> [What to do] Transcribe all records, preserving every character.
Exercise data Block Start
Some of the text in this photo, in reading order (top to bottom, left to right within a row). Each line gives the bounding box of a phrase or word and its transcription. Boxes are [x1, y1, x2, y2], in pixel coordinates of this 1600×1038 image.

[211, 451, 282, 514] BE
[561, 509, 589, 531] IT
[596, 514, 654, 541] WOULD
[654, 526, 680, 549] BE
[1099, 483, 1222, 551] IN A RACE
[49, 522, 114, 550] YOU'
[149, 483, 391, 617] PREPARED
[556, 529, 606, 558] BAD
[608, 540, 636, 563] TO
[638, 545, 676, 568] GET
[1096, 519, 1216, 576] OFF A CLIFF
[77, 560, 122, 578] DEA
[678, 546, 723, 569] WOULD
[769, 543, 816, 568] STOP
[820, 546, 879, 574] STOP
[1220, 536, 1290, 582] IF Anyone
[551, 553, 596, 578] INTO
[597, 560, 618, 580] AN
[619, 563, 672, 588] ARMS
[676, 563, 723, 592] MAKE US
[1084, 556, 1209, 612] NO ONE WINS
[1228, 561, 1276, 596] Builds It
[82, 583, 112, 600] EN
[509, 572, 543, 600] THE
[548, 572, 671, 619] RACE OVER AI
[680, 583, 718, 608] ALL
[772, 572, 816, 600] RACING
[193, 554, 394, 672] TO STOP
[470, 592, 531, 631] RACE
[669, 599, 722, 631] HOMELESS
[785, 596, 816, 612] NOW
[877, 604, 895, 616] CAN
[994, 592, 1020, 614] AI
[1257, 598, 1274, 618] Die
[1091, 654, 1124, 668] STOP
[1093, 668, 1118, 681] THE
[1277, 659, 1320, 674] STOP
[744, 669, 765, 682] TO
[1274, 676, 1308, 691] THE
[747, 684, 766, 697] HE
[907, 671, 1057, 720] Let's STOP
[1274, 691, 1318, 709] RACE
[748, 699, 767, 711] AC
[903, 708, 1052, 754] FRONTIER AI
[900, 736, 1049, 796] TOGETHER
Exercise data Block End
> [Response box]
Some of the text in this photo, in reading order (top to bottom, left to right within a row). Each line gives the bounding box of a phrase or word and its transcription. Boxes are [x1, y1, x2, y2], in pixel coordinates of this 1600×1038 image.

[211, 451, 282, 514] BE
[561, 509, 589, 531] IT
[596, 514, 654, 541] WOULD
[654, 526, 680, 549] BE
[1099, 483, 1222, 551] IN A RACE
[49, 522, 114, 550] YOU'
[149, 483, 391, 617] PREPARED
[556, 529, 606, 558] BAD
[608, 540, 636, 563] TO
[638, 545, 676, 568] GET
[1096, 519, 1216, 576] OFF A CLIFF
[77, 560, 122, 578] DEA
[678, 546, 723, 569] WOULD
[769, 543, 816, 568] STOP
[820, 546, 879, 574] STOP
[1220, 536, 1290, 582] IF Anyone
[551, 553, 596, 578] INTO
[597, 560, 618, 580] AN
[619, 563, 672, 588] ARMS
[676, 563, 723, 592] MAKE US
[1084, 556, 1209, 612] NO ONE WINS
[1228, 561, 1276, 596] Builds It
[82, 583, 112, 600] EN
[509, 572, 543, 600] THE
[548, 572, 671, 619] RACE OVER AI
[680, 583, 718, 608] ALL
[772, 572, 816, 600] RACING
[193, 554, 394, 672] TO STOP
[470, 592, 531, 631] RACE
[669, 599, 722, 631] HOMELESS
[785, 596, 816, 612] NOW
[877, 604, 895, 616] CAN
[994, 592, 1020, 614] AI
[1257, 598, 1274, 618] Die
[1091, 654, 1124, 668] STOP
[1093, 668, 1118, 681] THE
[1277, 659, 1320, 674] STOP
[744, 669, 765, 682] TO
[1274, 676, 1308, 691] THE
[747, 684, 766, 697] HE
[907, 671, 1057, 720] Let's STOP
[1274, 691, 1318, 709] RACE
[748, 699, 767, 711] AC
[903, 708, 1052, 754] FRONTIER AI
[900, 736, 1049, 796] TOGETHER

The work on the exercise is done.